*** DATASET EXCERPTS ***

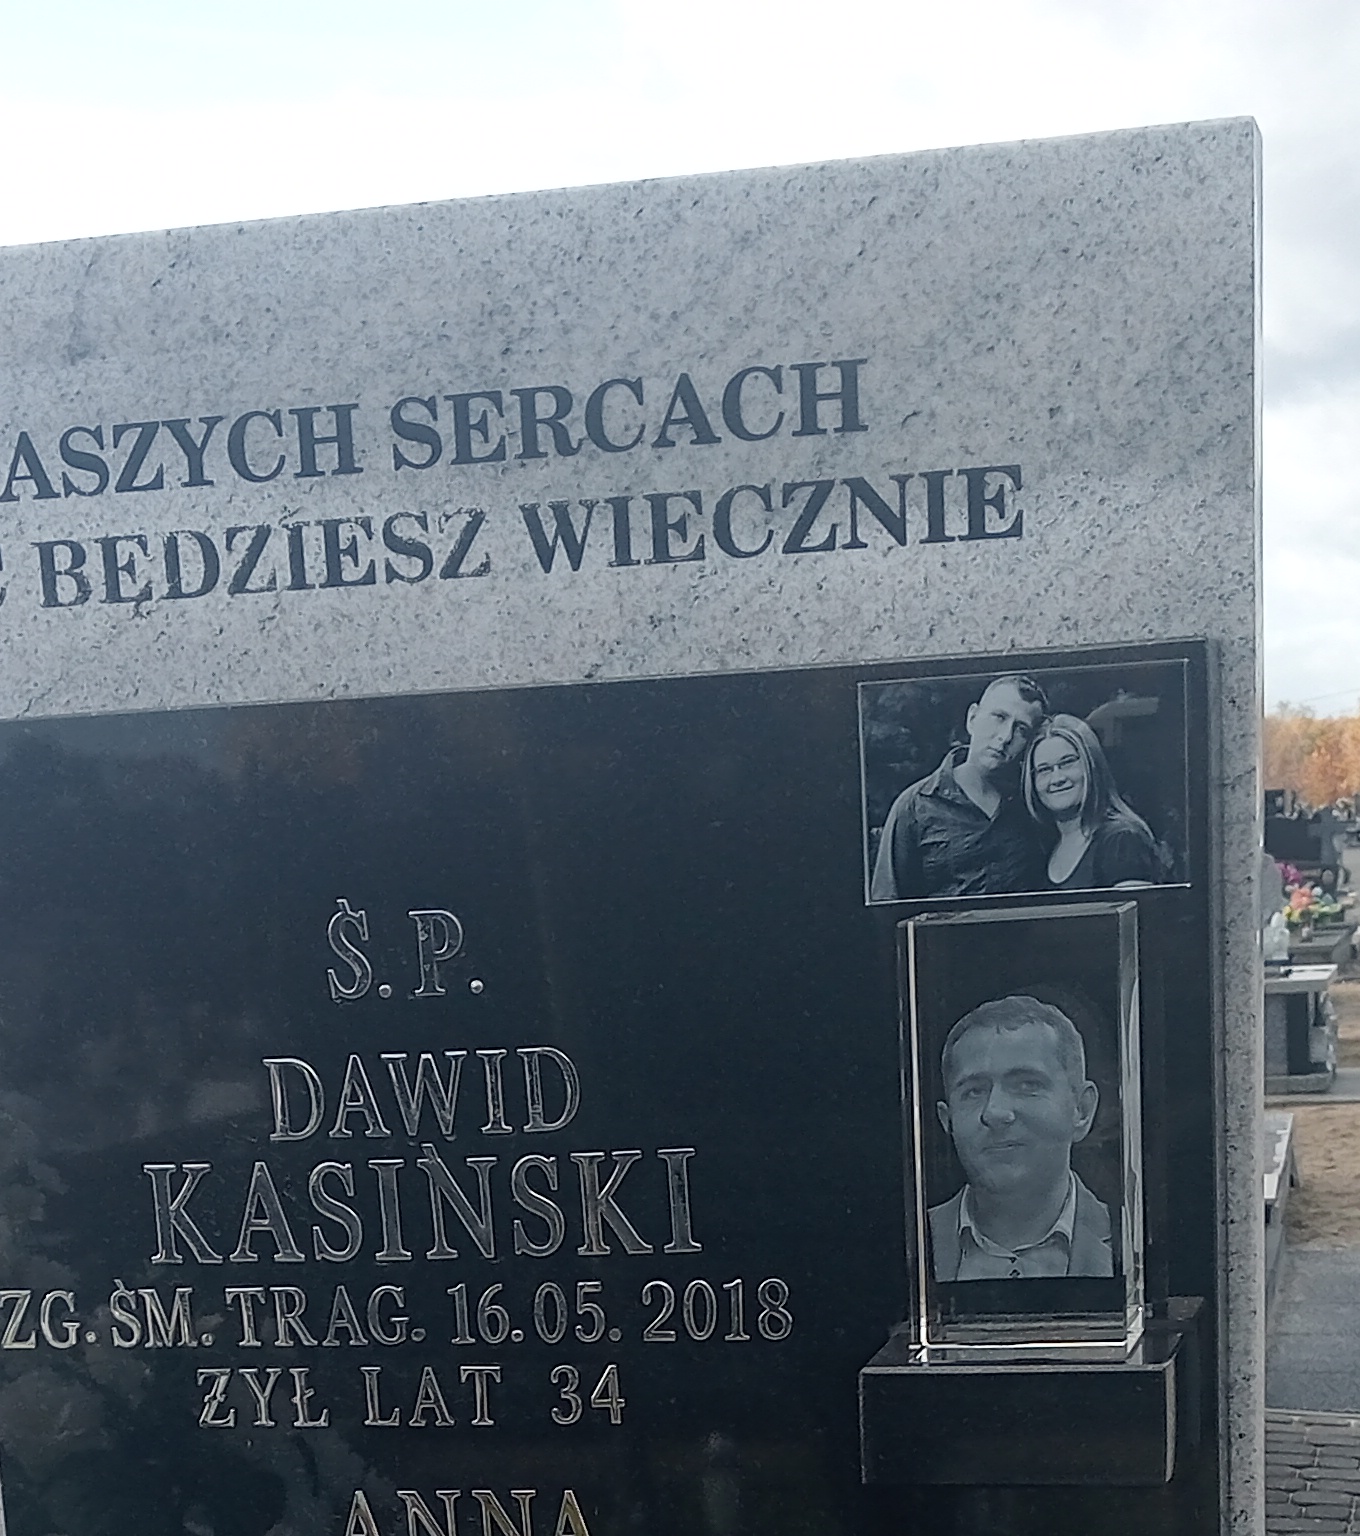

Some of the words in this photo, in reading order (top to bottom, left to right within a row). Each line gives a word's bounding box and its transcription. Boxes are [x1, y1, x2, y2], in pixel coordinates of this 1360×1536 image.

[390, 358, 868, 472] SERCACH
[520, 464, 1025, 574] WIECZNIE
[408, 909, 484, 997] P.
[262, 1046, 582, 1141] DAWID
[225, 1285, 427, 1348] TRAG.
[360, 1365, 501, 1428] LAT
[549, 1363, 626, 1426] 34
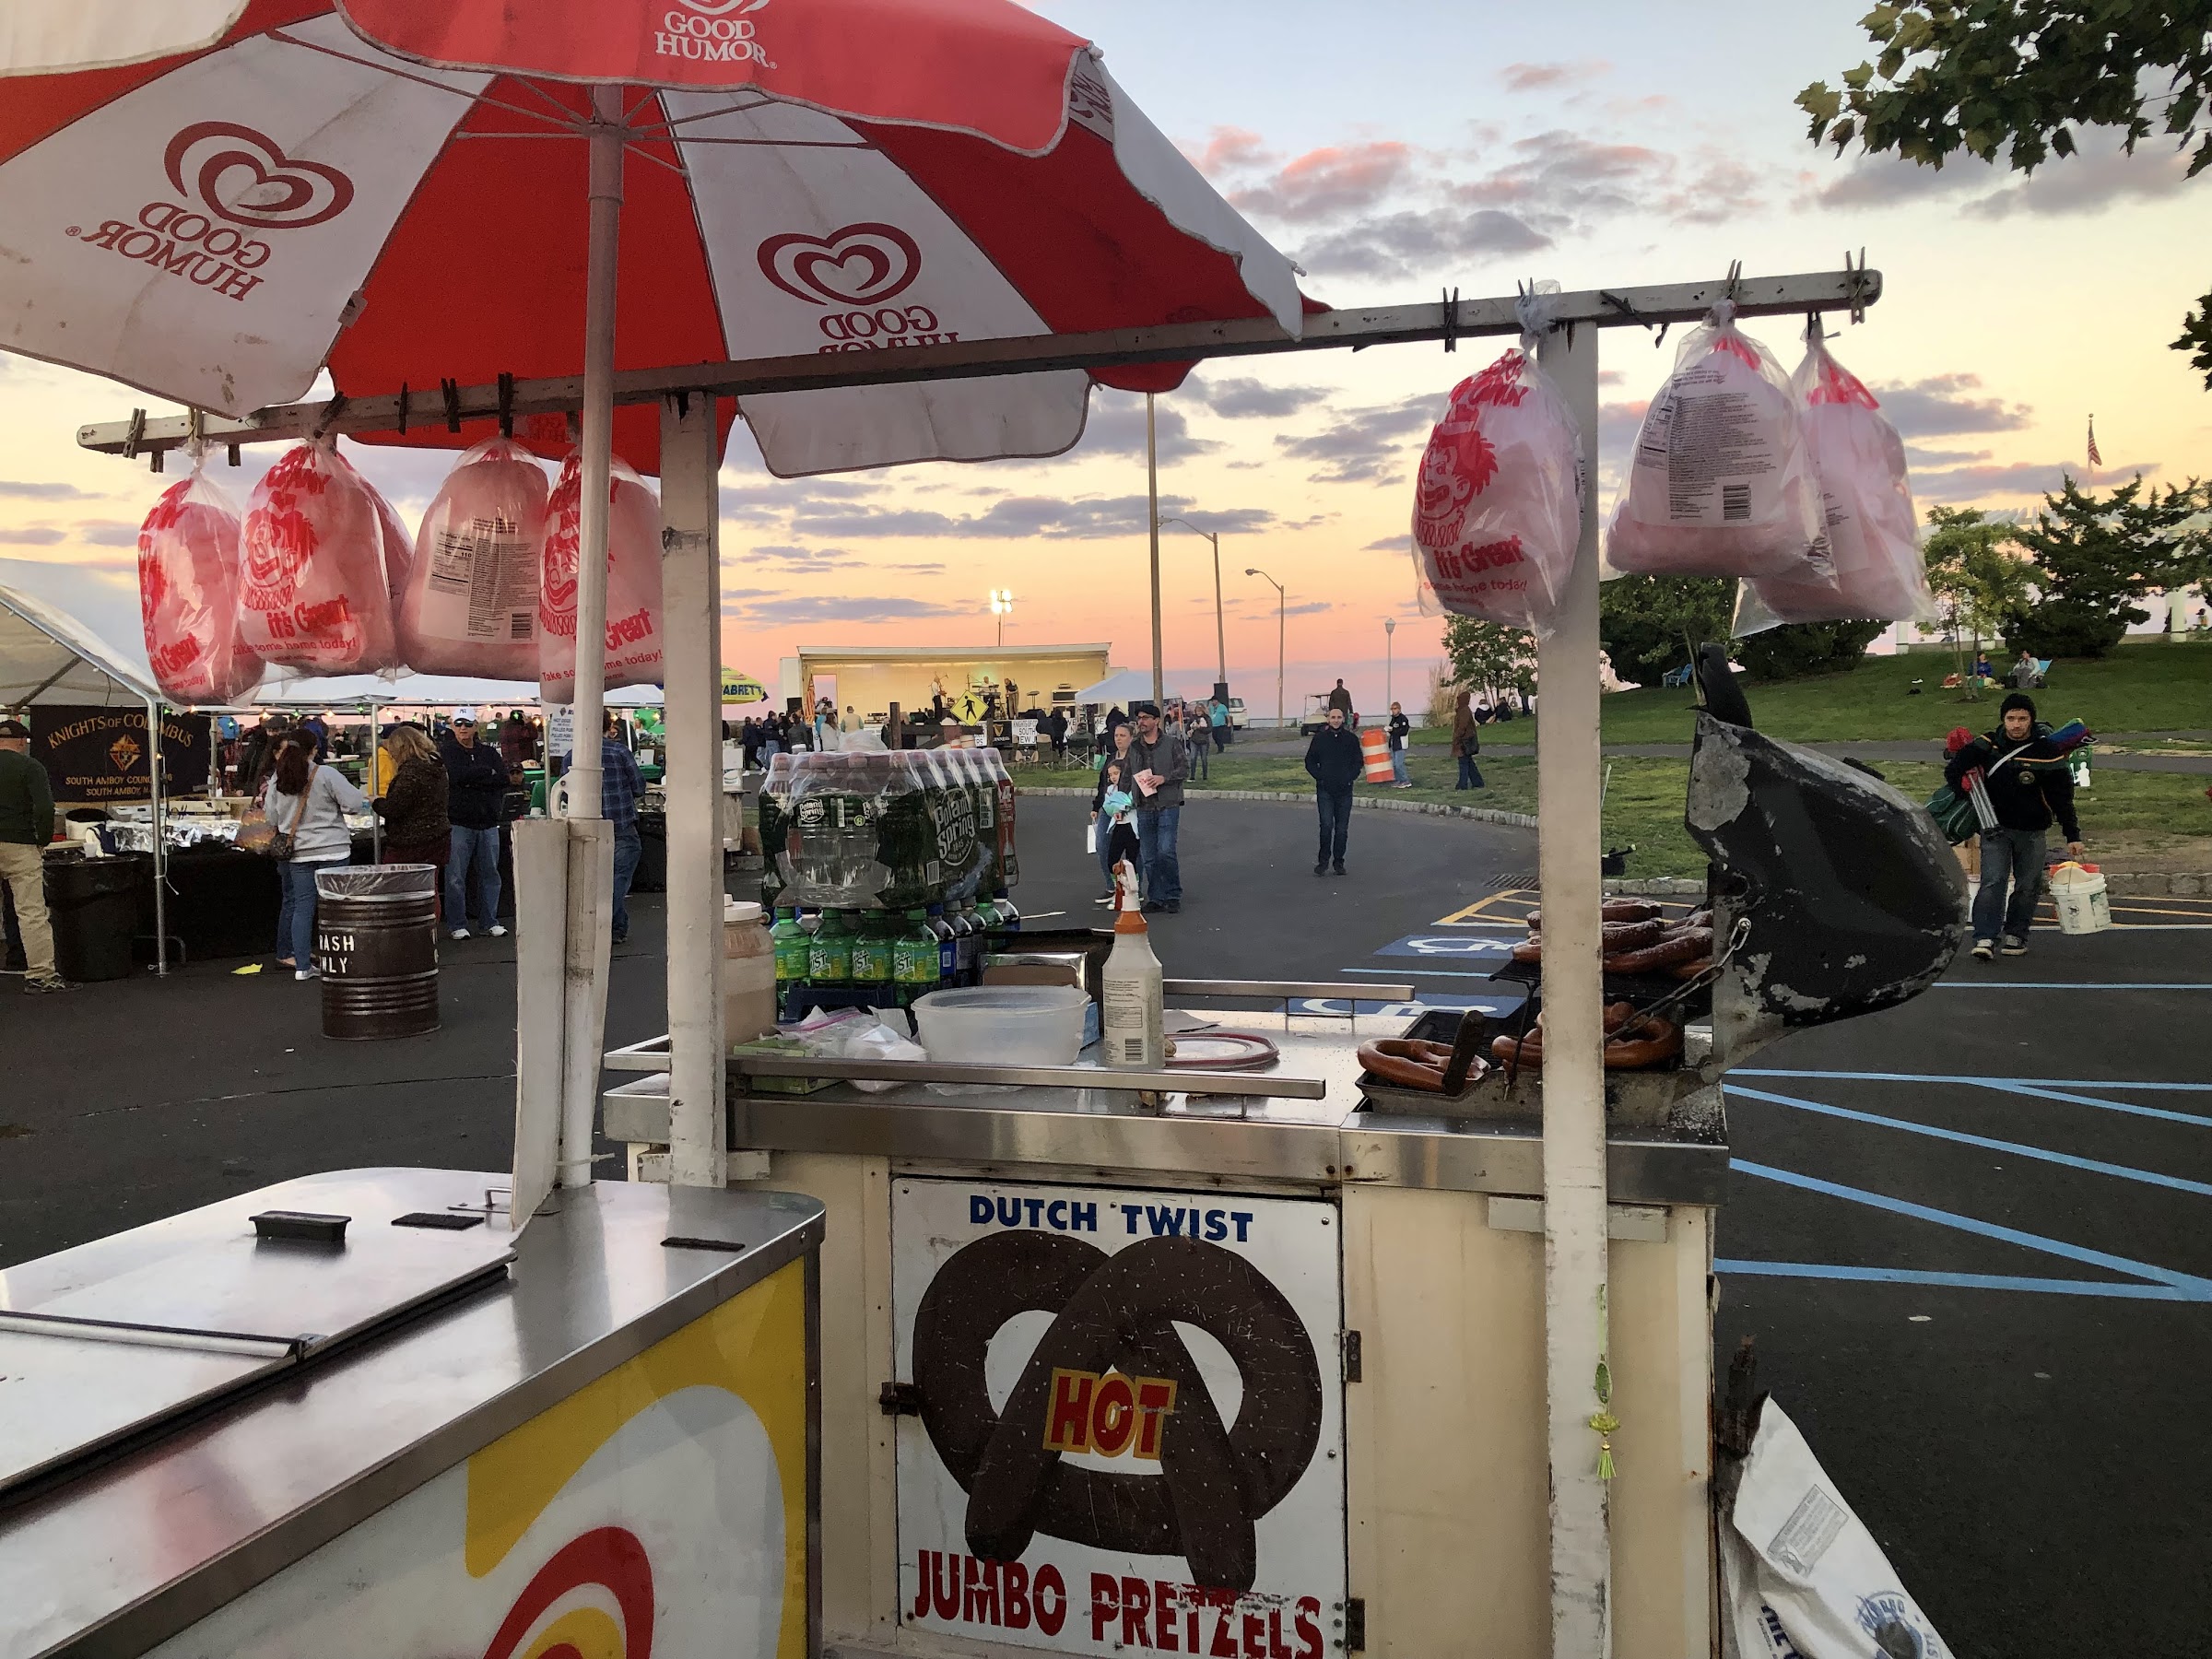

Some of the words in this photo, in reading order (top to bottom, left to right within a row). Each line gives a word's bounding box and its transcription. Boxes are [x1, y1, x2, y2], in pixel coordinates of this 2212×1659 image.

[665, 11, 756, 41] GOOD
[653, 31, 770, 68] HUMOR
[1461, 535, 1524, 573] Great
[542, 671, 563, 683] Take
[563, 669, 576, 680] so
[625, 649, 664, 665] today!
[722, 684, 762, 696] ABRETT
[48, 715, 107, 749] KNIGHTS
[107, 717, 123, 728] OF
[123, 713, 194, 747] COLMBUS
[1018, 727, 1036, 735] SOUTH
[1019, 735, 1030, 744] EW
[65, 776, 93, 785] SOUTH
[97, 776, 124, 785] AMBOY
[126, 775, 153, 784] COUNC
[86, 787, 112, 796] SOUTH
[799, 799, 824, 811] Poland
[800, 807, 825, 820] Spring
[934, 797, 972, 836] Poland
[937, 814, 976, 860] Spring
[319, 934, 355, 952] RASH
[320, 956, 348, 974] NLY
[971, 1195, 1097, 1231] DUTCH
[1121, 1204, 1253, 1242] TWIST
[1046, 1371, 1175, 1457] HOT
[915, 1549, 1067, 1636] JUMBO
[1090, 1571, 1324, 1659] PRETZELS

*** End of DATASET EXCERPTS ***

### [PROBLEM]
Using the records above, output their complete text exactly, minus any images.

### [WRITTEN REPLY]
Some of the words in this photo, in reading order (top to bottom, left to right within a row). Each line gives a word's bounding box and its transcription. Boxes are [x1, y1, x2, y2], in pixel coordinates of this 1360×1536 image.

[390, 358, 868, 472] SERCACH
[520, 464, 1025, 574] WIECZNIE
[408, 909, 484, 997] P.
[262, 1046, 582, 1141] DAWID
[225, 1285, 427, 1348] TRAG.
[360, 1365, 501, 1428] LAT
[549, 1363, 626, 1426] 34

Some of the words in this photo, in reading order (top to bottom, left to right within a row). Each line gives a word's bounding box and its transcription. Boxes are [x1, y1, x2, y2], in pixel coordinates of this 2212×1659 image.

[665, 11, 756, 41] GOOD
[653, 31, 770, 68] HUMOR
[1461, 535, 1524, 573] Great
[542, 671, 563, 683] Take
[563, 669, 576, 680] so
[625, 649, 664, 665] today!
[722, 684, 762, 696] ABRETT
[48, 715, 107, 749] KNIGHTS
[107, 717, 123, 728] OF
[123, 713, 194, 747] COLMBUS
[1018, 727, 1036, 735] SOUTH
[1019, 735, 1030, 744] EW
[65, 776, 93, 785] SOUTH
[97, 776, 124, 785] AMBOY
[126, 775, 153, 784] COUNC
[86, 787, 112, 796] SOUTH
[799, 799, 824, 811] Poland
[800, 807, 825, 820] Spring
[934, 797, 972, 836] Poland
[937, 814, 976, 860] Spring
[319, 934, 355, 952] RASH
[320, 956, 348, 974] NLY
[971, 1195, 1097, 1231] DUTCH
[1121, 1204, 1253, 1242] TWIST
[1046, 1371, 1175, 1457] HOT
[915, 1549, 1067, 1636] JUMBO
[1090, 1571, 1324, 1659] PRETZELS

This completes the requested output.